In rats anesthetized with halothane (CAS 151-67-7) (1.5 vol%) and rats without any further treatment (control) the early distribution phase of thiopental (CAS 76-75-5) (i.v. 30 mg/kg) was studied. In serum and 8 tissues thiopental concentration (T) was determined using ultraviolet detection at 305 nm after extraction and TLC. In rats anesthetized with halothane, T in serum was significantly higher during the 30 min following the thiopental injection (at least +27% and maximally +51%) as compared to the control (same dose), and several pharmacokinetic parameters (e.g. central volume of distribution) were found to be changed thereby; furthermore, at 3, 10 and 30 min T was significantly increased in liver, brain, heart, lung and spleen; in kidney and skeletal muscle a rise of T was also seen, however, it occurred later (after 10 and 30 min). T in fat tissue increased time-dependently; a T-difference in adipose tissue between both groups was not observed.

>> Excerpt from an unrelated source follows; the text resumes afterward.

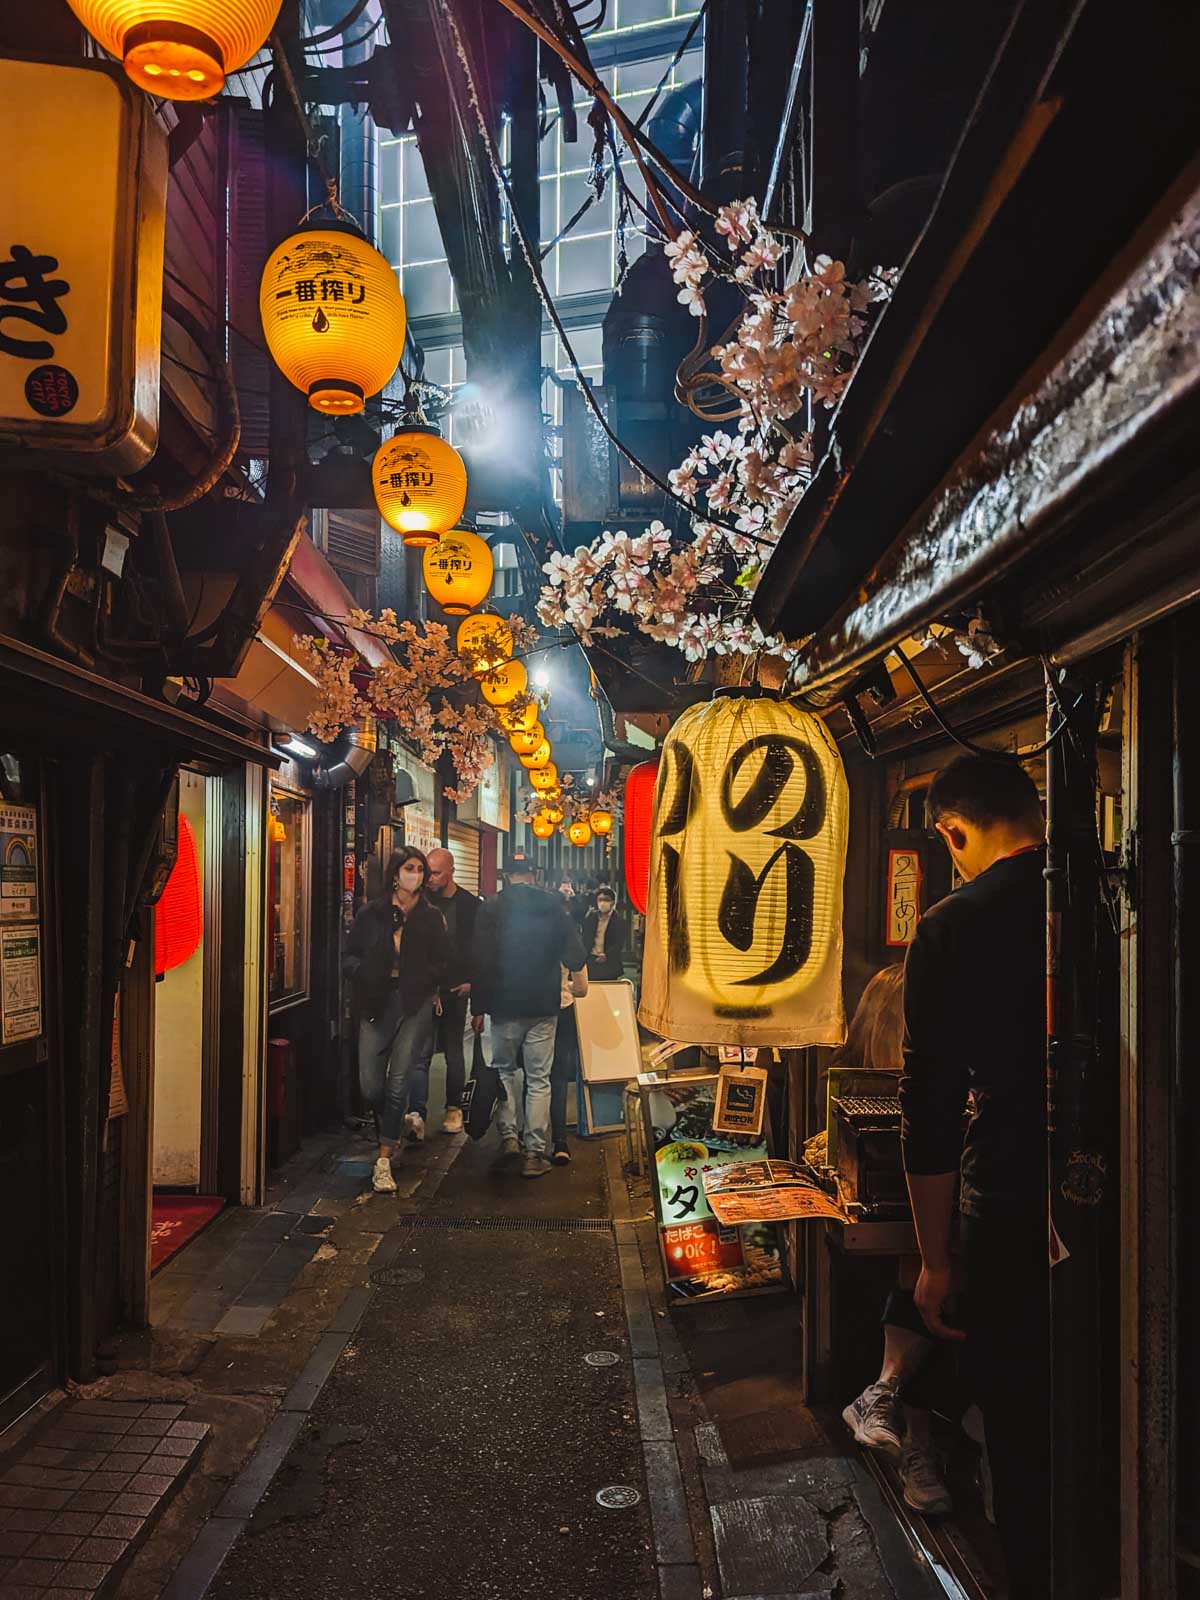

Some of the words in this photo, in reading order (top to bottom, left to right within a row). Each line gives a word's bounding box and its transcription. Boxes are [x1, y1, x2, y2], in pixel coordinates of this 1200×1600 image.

Thiopental was "trapped" during the early distribution phase to a considerable extent in the vessel-rich tissues of rats simultaneously anesthetized with halothane; this pharmacokinetic interaction might be explained hemodynamically: in many tissues regional blood flow is reduced by halothane; thereby a delayed "washout" of thiopental from the vessel-rich tissues could take place and redistribution would be delayed; additional factors as e.g. an increased binding of thiopental at tissue proteins could also play a role. An unusually high T was found at least temporarily in myocardial tissue due to this interaction between the two anesthetics.